Two pencils walking down the street.
Which one hasn’t got AIDS?
The one with the rubber on.
One time this kid came back from school and said, "Mom I have one good news and one bad news, which one do you wanna hear first?" And his mom said, "Good news please," and the boy said, "I got 100% on my math test today." and his mom gave him a hug, and the boy said, "Now to the bad news, I LIED!"
My friend said to me, "How do you spell Tom?" and I said, "T-O-M-M." He said, "That's not how you spell 'it's Tom.' You have to take out one 'M'."
So I said, "But which one?"
Student: 503 bricks are on a plane. 1 falls off. How many are left?
Teacher: 502.
Student: How do you put an elephant in a fridge?
Teacher: No, you can't fit an elephant in a fridge!!
Student: Just open door, put elephant in, close door.
Student: How do you put a giraffe in the fridge?
Teacher: open door, put giraffe in, close door
Student: No! Open door, take elephant out, put giraffe in, close door.

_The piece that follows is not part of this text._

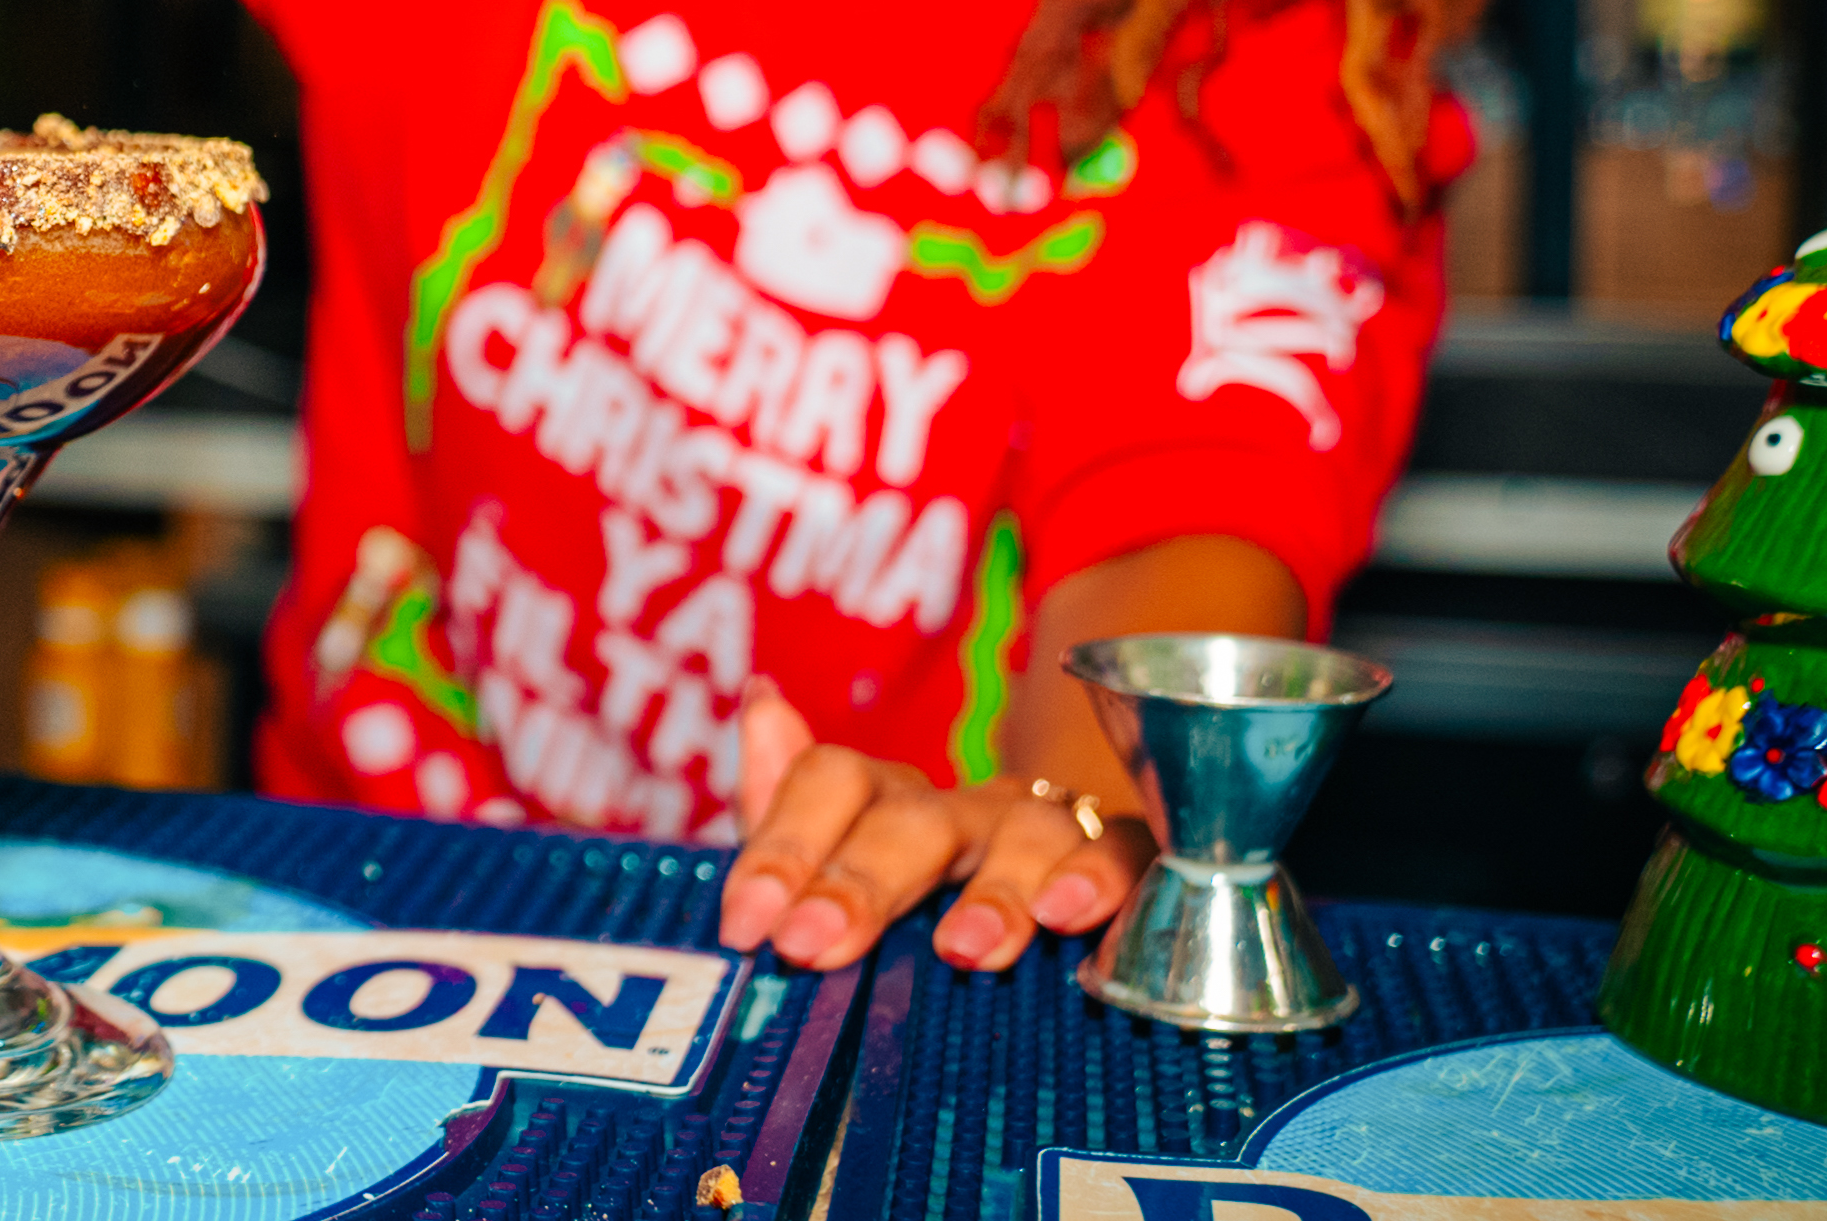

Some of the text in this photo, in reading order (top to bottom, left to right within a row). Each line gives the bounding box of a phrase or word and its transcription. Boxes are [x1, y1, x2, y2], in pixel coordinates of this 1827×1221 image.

[446, 282, 968, 635] CHRISTMA
[580, 204, 967, 488] MERRY
[450, 500, 743, 800] FILTH

Student: The Lion King is having a B-day party. All the animals are there, except one. Which one?
Teacher: let me guess the lion?
Student: No! The giraffe because He's in a fridge.
Teacher: WOW!
Student: Sally has to get across a large river home to many alligators. They are very dangerous, but Sally swims across safely. How?
Teacher: Sally stepped on the alligators mouth?
Student: The gators are at the party.
Student: But Sally dies anyway. Why?
Teacher: She drowned?!
Student: No! She got hit in the head by a flying brick.
Which one of Lord Arthur's knights invented the round table?
Sir Cumference.
A gay couple and a lesbian couple are going to the airport, which one gets there first? The lesbian, duh, they get there "lickety-split."
Hate me all you want, but I rather love bullying in all fairness. I love to watch all the loner kids being abused while simultaneously making a prediction for when which one of them will finally snap and shoot up the school.
I accidentally bumped into a midget yesterday.
Me: "Are you ok sir?"
Midget: "Well, I'm not happy."
Me: "Well, which one are ya?"
I entered ten puns into a contest to see which one would win.
No pun in ten did.
A blondie and a redneck jumped off a building. Which one will land first?
The redneck because the blonde will ask for directions.